(TASK REQUIREMENTS): Every line from the one with "Some of the words" to the end of the data needs to be copied exactly, and no line before it.

-------- RECORDS PROVIDED

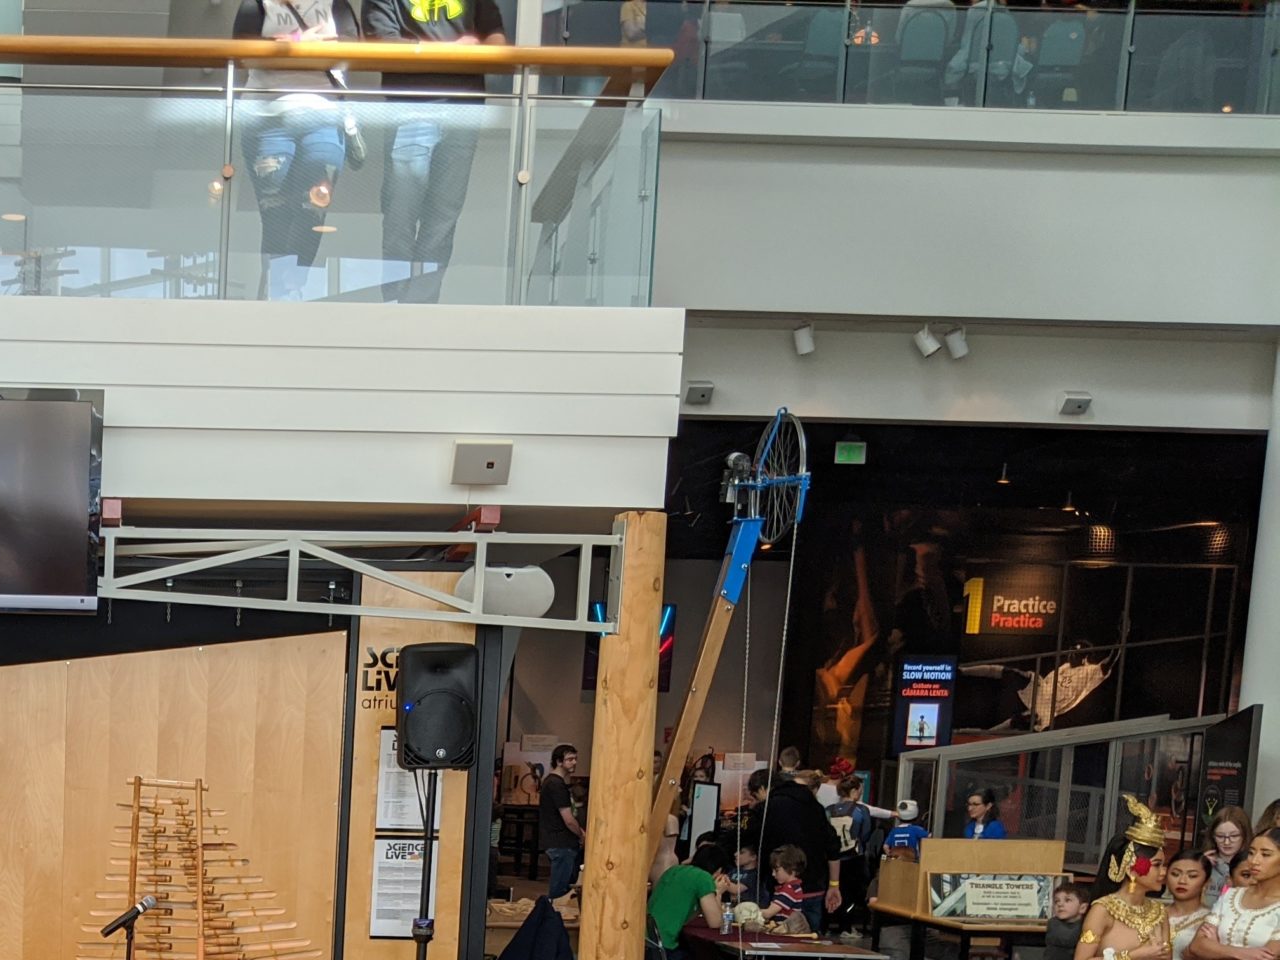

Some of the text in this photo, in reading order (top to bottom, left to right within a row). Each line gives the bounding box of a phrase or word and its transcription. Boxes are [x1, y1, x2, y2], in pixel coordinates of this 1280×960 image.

[963, 577, 984, 634] 1
[992, 595, 1056, 614] Practice
[991, 613, 1044, 628] Practica
[904, 663, 921, 671] Record
[922, 664, 945, 672] yourself
[902, 671, 952, 680] SLOW MOTION
[929, 689, 948, 697] LENTA
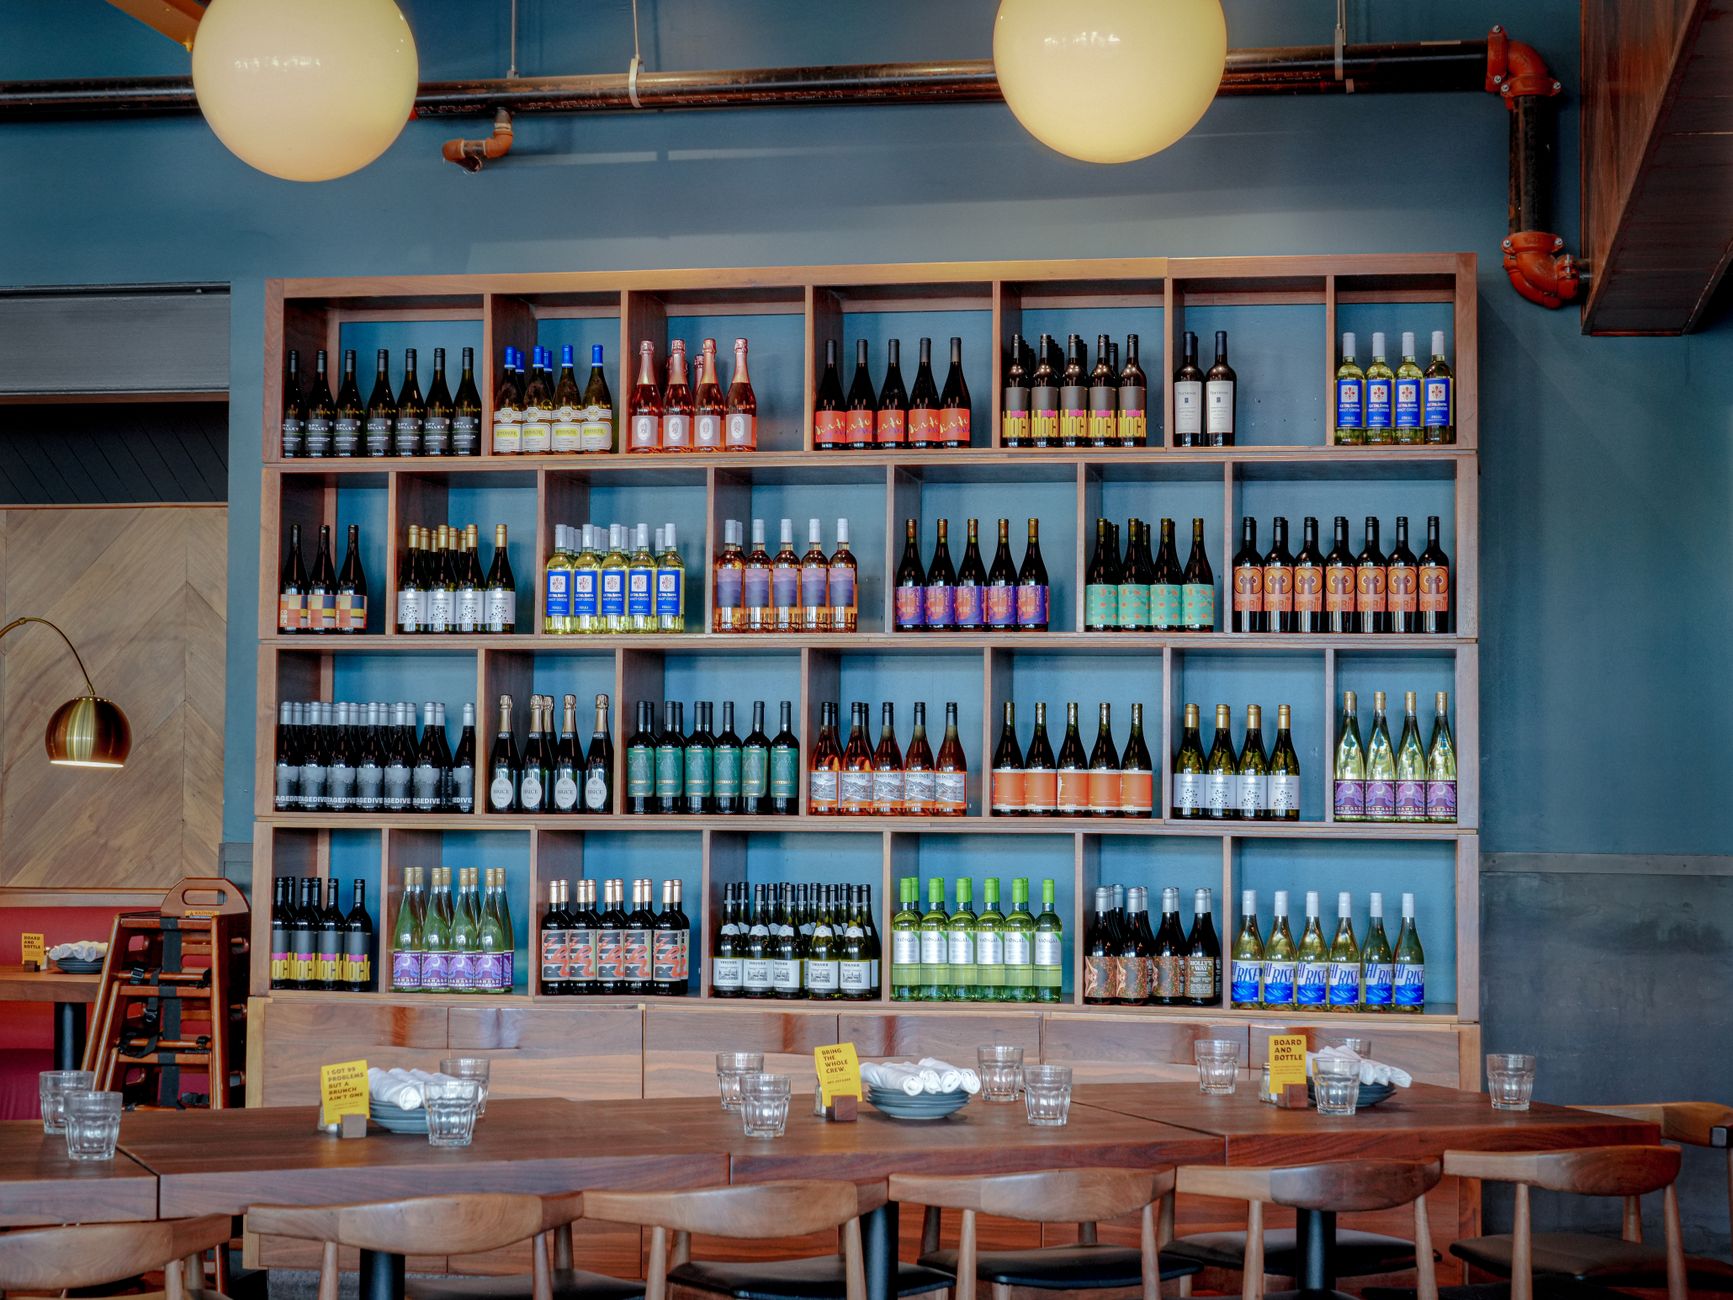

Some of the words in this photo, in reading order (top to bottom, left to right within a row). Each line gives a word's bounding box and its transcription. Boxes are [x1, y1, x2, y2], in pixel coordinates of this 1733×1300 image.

[825, 1059, 848, 1067] WHOLE
[328, 1073, 364, 1081] PROBLEMS
[329, 1087, 357, 1095] BRUNCH

----------------

(RESPONSE TO THE EXERCISE):
Some of the words in this photo, in reading order (top to bottom, left to right within a row). Each line gives a word's bounding box and its transcription. Boxes are [x1, y1, x2, y2], in pixel coordinates of this 1733×1300 image.

[825, 1059, 848, 1067] WHOLE
[328, 1073, 364, 1081] PROBLEMS
[329, 1087, 357, 1095] BRUNCH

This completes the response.